With that, I would like to now hand over to Mr. Prerak Goel to walk you through financial performance. Thank you.

Prerak Goel:

Thank you, Prayas. Good morning, everyone. For the quarter ended 31st March '26, revenue from operations stood at INR206 crores compared with INR124 crores in Q3 FY26 and INR206 crores in Q4 FY25, reflecting a growth of 65% quarter-on-quarter and flattish year-on-year.

EBITDA for the quarter stood at INR18.5 crores compared to INR4.3 crores in Q3 FY26 and INR57.2 crores in FY25. This represents an increase of 331% sequentially while a decline of 67% year-on-year. EBITDA margin for the quarter stood at 9% compared to 3.5% in Q3 FY26 and 27.7% in Q4 FY25.

Net profit after tax for the quarter stood at INR14.1 crores compared with a net loss of INR8.1 crores in Q3 FY26 and a net profit of INR47.1 crores in Q4 FY25. For the full year period ended 31st March 2026, revenue from operations stood at INR557.8 crores as against INR594.4 crores in the corresponding period last year, reflecting a decline of 6.2% year-on-year.

EBITDA for the full year stood at INR36.6 crores compared to INR87.08 crores in the corresponding period last year, reflecting a decline of 57.9% year-on-year. EBITDA margin for FY26 stood at 6.6% versus 14.6% in FY25. Net profit after tax for the full year stood at INR19.7

Page 4 of 15


CONCORD
enviro
Concord Enviro Systems Limited
May 25, 2026

crores compared to INR51.4 crores in the corresponding period last year. We are confident that the strategic investments we are making in talent, technology and execution will enable us to deliver growth in this year and substantiate long-term value.

With that, we now open the floor for questions.

Moderator:

Thank you very much. We will now begin the question-and-answer session. The first question is from the line of Sucrit D Patil from Eyesight Fintrade Private Limited. Please go ahead.

Sucrit D Patil:

Good morning to the team. I have two questions. The first question to Mr. Prayas is, in your point of view how is Concord preparing to capture future opportunities in water treatment, waste management and environmental engineering, while thoughtfully addressing challenges such as regulatory compliance, technological disruptions and rising input costs? What strategic levers will be put into place that will be important for sustaining growth and leadership in FY27? That is my first question. I will ask my second question after this? Thank you.

Prayas Goel:

Yes, good morning. Thank you for your question.
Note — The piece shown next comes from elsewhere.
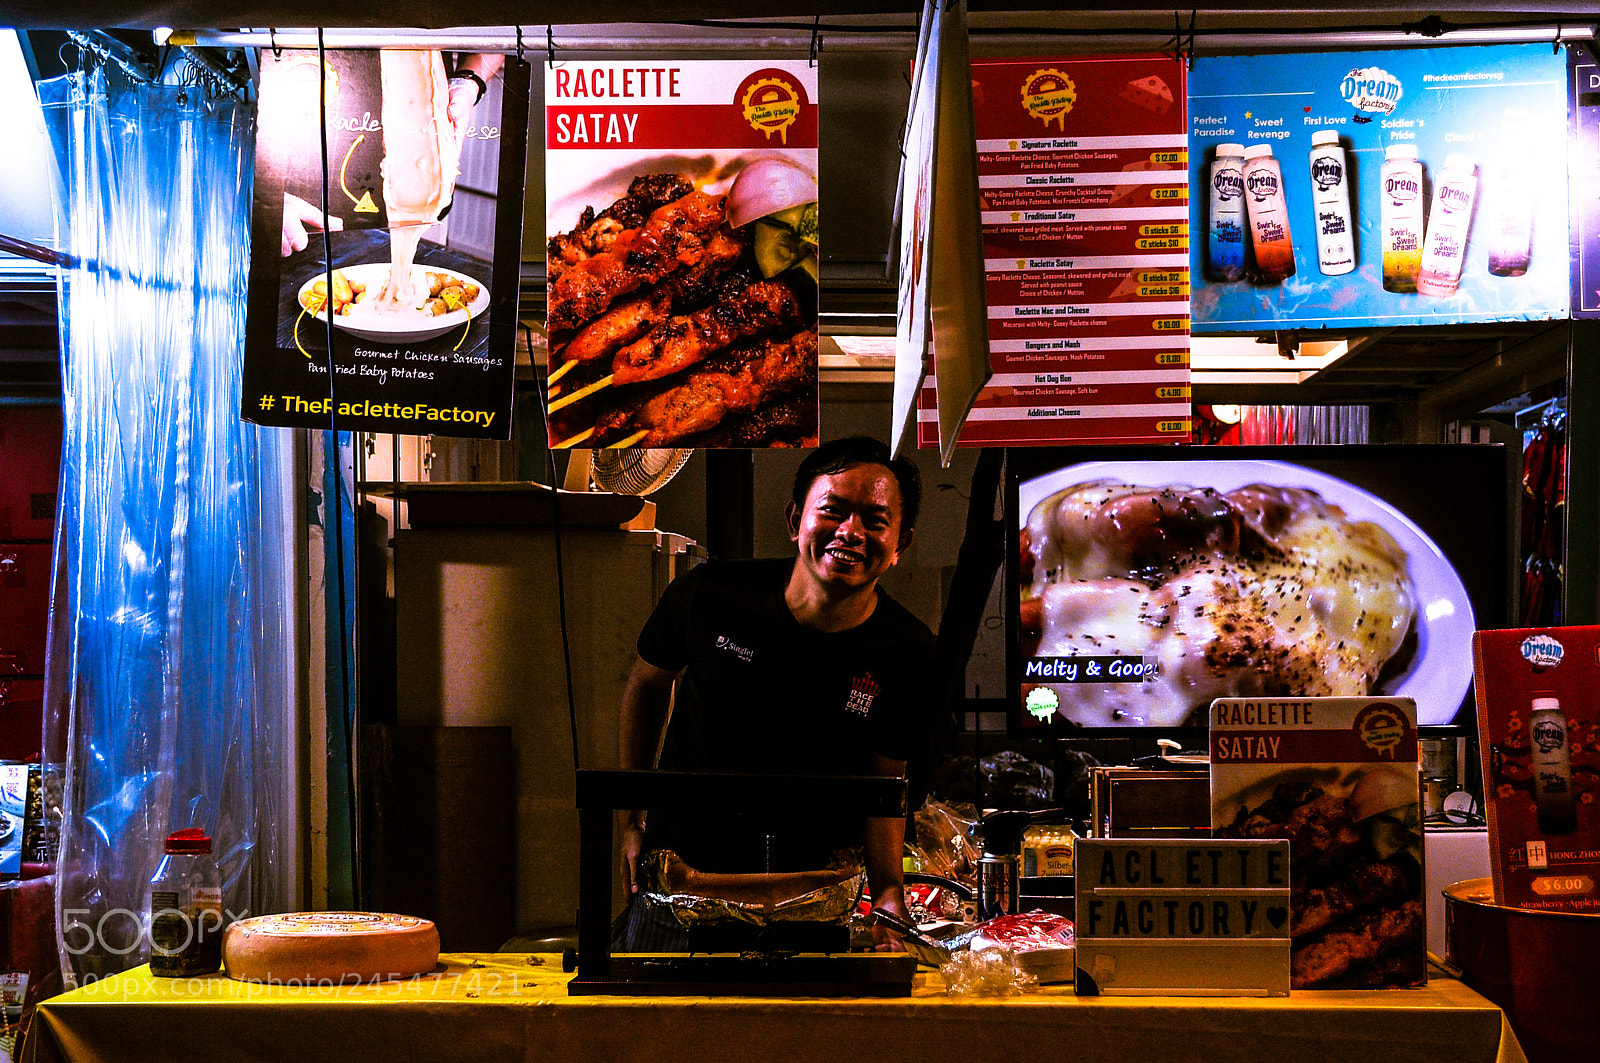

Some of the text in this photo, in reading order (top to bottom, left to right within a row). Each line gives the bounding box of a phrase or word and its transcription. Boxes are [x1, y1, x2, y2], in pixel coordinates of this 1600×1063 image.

Yes, very rightly, there is a huge scope and opportunity opening up in the sectors of environmental sectors, especially related to not only water, waste management and we see a great amount of linkage between all of these. So, for example, in the waste management sector we are seeing a lot of traction coming from the landfill leachate side of things as the government pushes more and more focus towards solid waste management in industrial sectors.
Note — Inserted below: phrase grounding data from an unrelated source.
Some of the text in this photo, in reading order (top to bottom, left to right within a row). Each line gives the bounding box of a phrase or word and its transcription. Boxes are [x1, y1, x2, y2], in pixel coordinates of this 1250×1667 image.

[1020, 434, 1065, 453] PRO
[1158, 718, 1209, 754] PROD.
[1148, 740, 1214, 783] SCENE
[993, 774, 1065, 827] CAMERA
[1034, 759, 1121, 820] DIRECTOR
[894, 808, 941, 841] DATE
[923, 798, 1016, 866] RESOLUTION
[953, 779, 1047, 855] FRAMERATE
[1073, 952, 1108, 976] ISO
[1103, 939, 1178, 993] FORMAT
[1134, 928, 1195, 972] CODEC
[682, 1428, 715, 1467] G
And Concord’s strategy has always been in differentiation in terms of and bringing value to a customer from a technological standpoint to be able to impact the life cycle operating cost of these solutions because eventually it is the opex which is critical to the client in their decision-making.

Sucrit D Patil:

Okay. My second question to Mr. Anish is from a technical standpoint, how is the company optimizing its capital structure to balance growth investments in environmental projects with keeping the debts under control, especially given the capital-intensive nature of the infrastructure projects? Would you elaborate on the framework being used for cash flow forecasting, interest rate risk management and working capital efficiency to ensure liquidity while maintaining the profitability? Thank you.

Anish Goel:

Yes, sure. Thank you for this question. Yes, I and the entire management fully understand that it is a very working capital-heavy business model. While we have good reliance from our four bankers, however, for each project, we allocate working capital separately and each project and the investment in that project in terms of letters.
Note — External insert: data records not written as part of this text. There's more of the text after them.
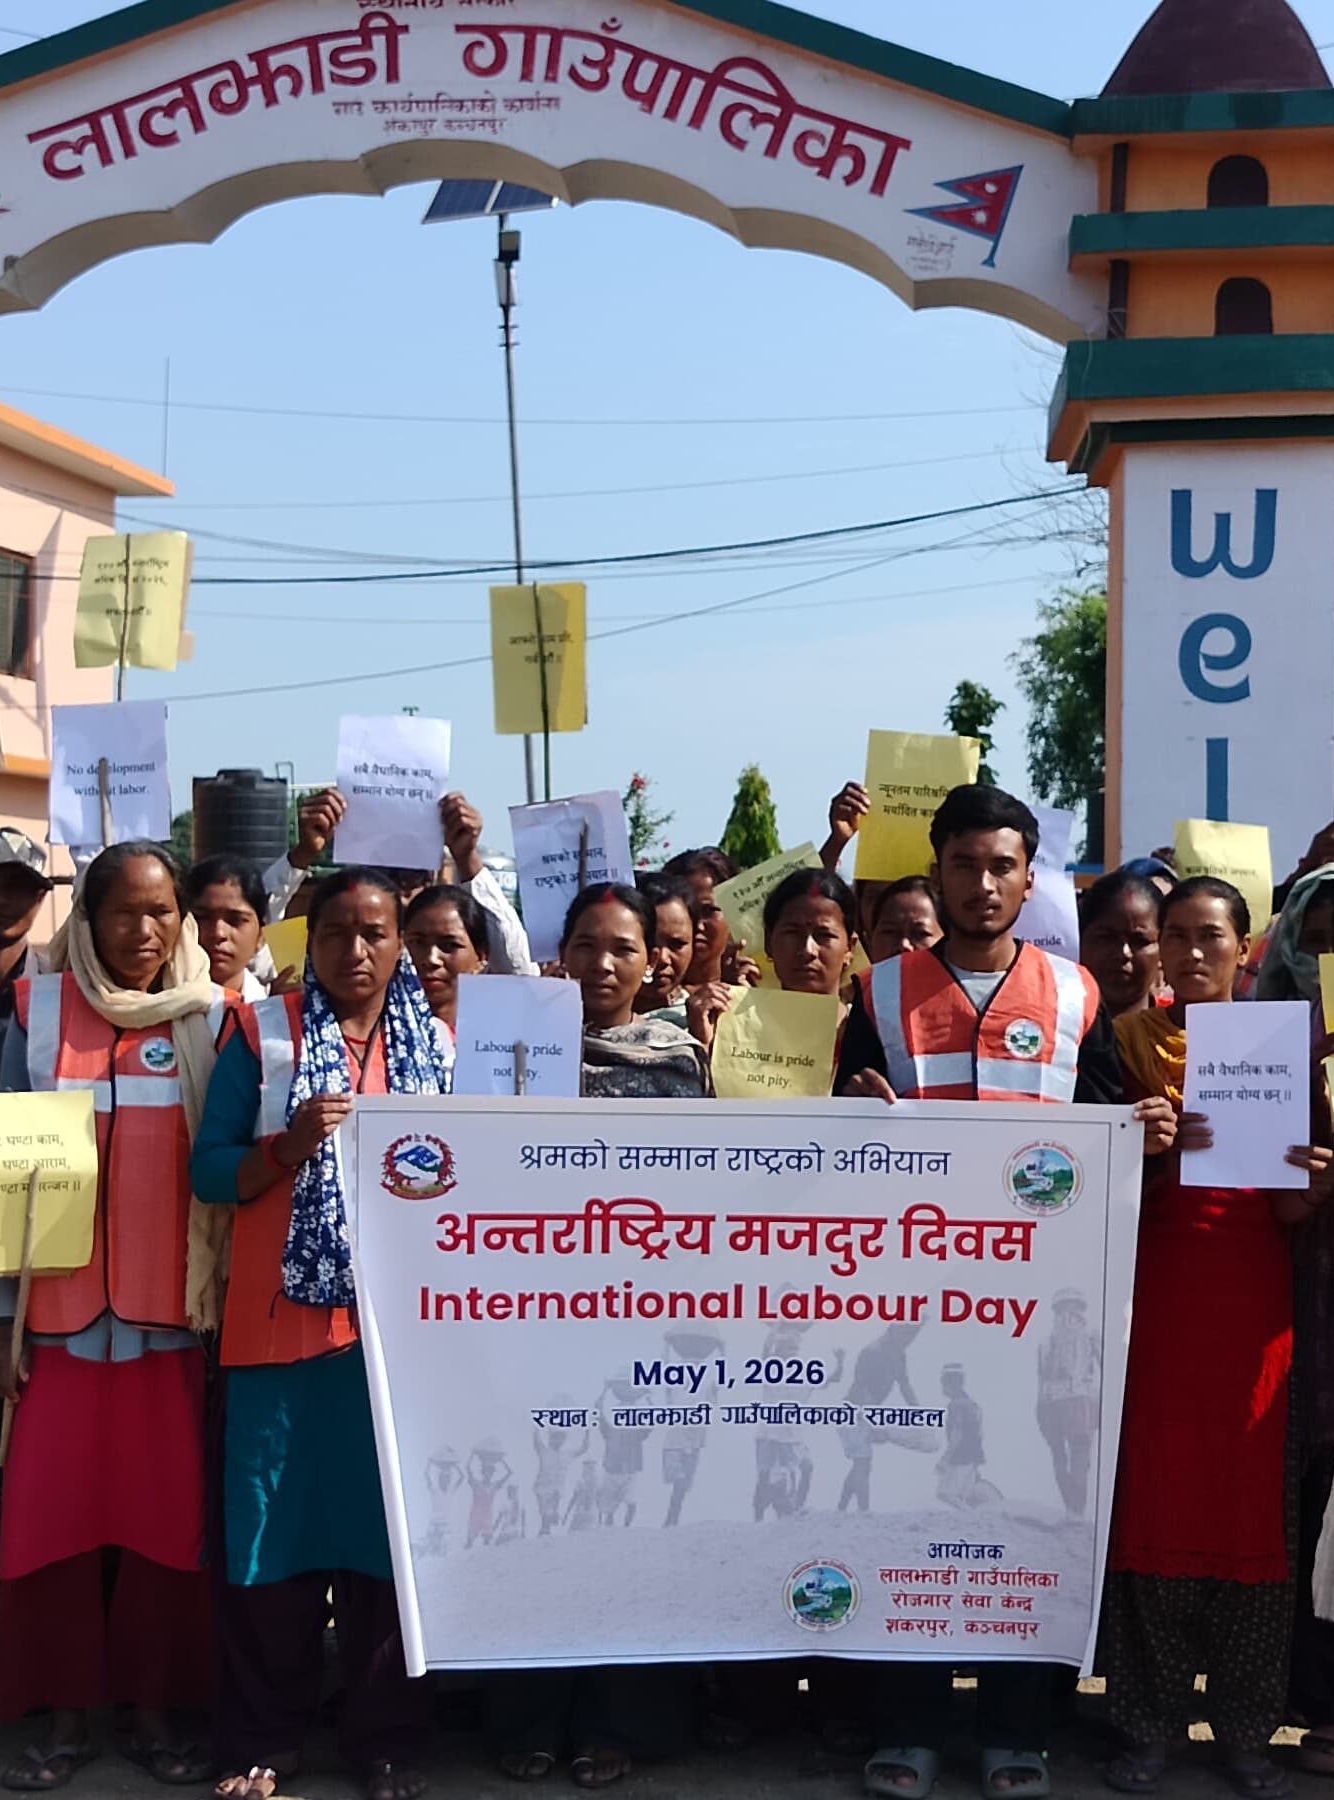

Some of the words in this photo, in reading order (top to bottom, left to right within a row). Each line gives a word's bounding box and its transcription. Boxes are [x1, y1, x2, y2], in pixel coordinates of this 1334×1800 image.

[454, 17, 911, 197] गाउँपालिका
[67, 764, 84, 775] No
[74, 785, 116, 797] withut
[119, 784, 149, 796] labor.
[532, 1043, 563, 1057] pride
[731, 1046, 771, 1062] Labour
[774, 1051, 784, 1063] is
[786, 1054, 815, 1067] pride
[493, 1066, 512, 1077] not
[1197, 1061, 1215, 1076] सबै
[1219, 1060, 1262, 1076] वैधानिक
[1265, 1064, 1291, 1078] काम,
[747, 1072, 765, 1083] not
[767, 1074, 792, 1088] pity.
[1198, 1089, 1232, 1101] सम्मान
[1236, 1085, 1260, 1101] योग्य
[6, 1135, 32, 1146] घण्टा
[36, 1134, 64, 1147] काम,
[3, 1159, 29, 1171] घण्टा
[519, 1139, 610, 1170] श्रमको
[616, 1145, 719, 1171] सम्मान
[725, 1142, 825, 1175] राष्ट्रको
[833, 1142, 952, 1176] अभियान
[435, 1198, 716, 1260] अन्तर्राष्ट्रिय
[726, 1214, 887, 1277] मजदुर
[899, 1203, 1038, 1262] दिवस
[419, 1280, 743, 1321] International
[758, 1285, 927, 1323] Labour
[940, 1288, 1037, 1338] Day
[633, 1360, 707, 1394] May
[715, 1359, 735, 1389] 1,
[744, 1359, 825, 1385] 2026
[721, 1401, 856, 1427] गाउँपालिकाको
[928, 1539, 1005, 1560] आयोजक
[967, 1563, 1059, 1588] गाउँपालिका
[891, 1589, 953, 1610] रोजगार
[961, 1590, 993, 1609] सेवा
[1000, 1591, 1035, 1612] केन्द्र
[964, 1619, 1041, 1640] कञ्चनपुर
In terms of financing by creditor directly and stocks we manage quite project-by-project methodology. And as management has said in the call that we are having one project of INR100 crores now, that single project will have a very dedicated way of managing working capital separately. So, we are very, very clear about how we manage our working capital.

Sucrit D Patil:

Thank you and best wishes.

Page 5 of 15


CONCORD
enviro
Concord Enviro Systems Limited
May 25, 2026

Anish Goel: Thank you.

Moderator: Thank you. We will take our next question from the line of Amit Mehendale from Robo Capital. Please go ahead.

Amit Mehendale: Thank you. My first question is how do you see revenue growth for FY27 and '28? And also, if you could indicate any EBITDA guidance, EBITDA margin guidance?

Prerak Goel: Hi, thank you for the question. So, Amit I think see if you look at our order book, it is quite strong. I think we have a very good pipeline of orders which are converting in Q1 of this year. However, as we did talk about it, we have still some challenges in terms of the global geopolitical situation.

Material movement from our Sharjah facilities are still interrupted due to the disputes, due to the conflict in the region and we have been kind of treading a little bit cautiously in terms of giving out some guidance. I think Q1 will give us better colour. It looks like the conflict is coming to an end with the recent statements that have been made.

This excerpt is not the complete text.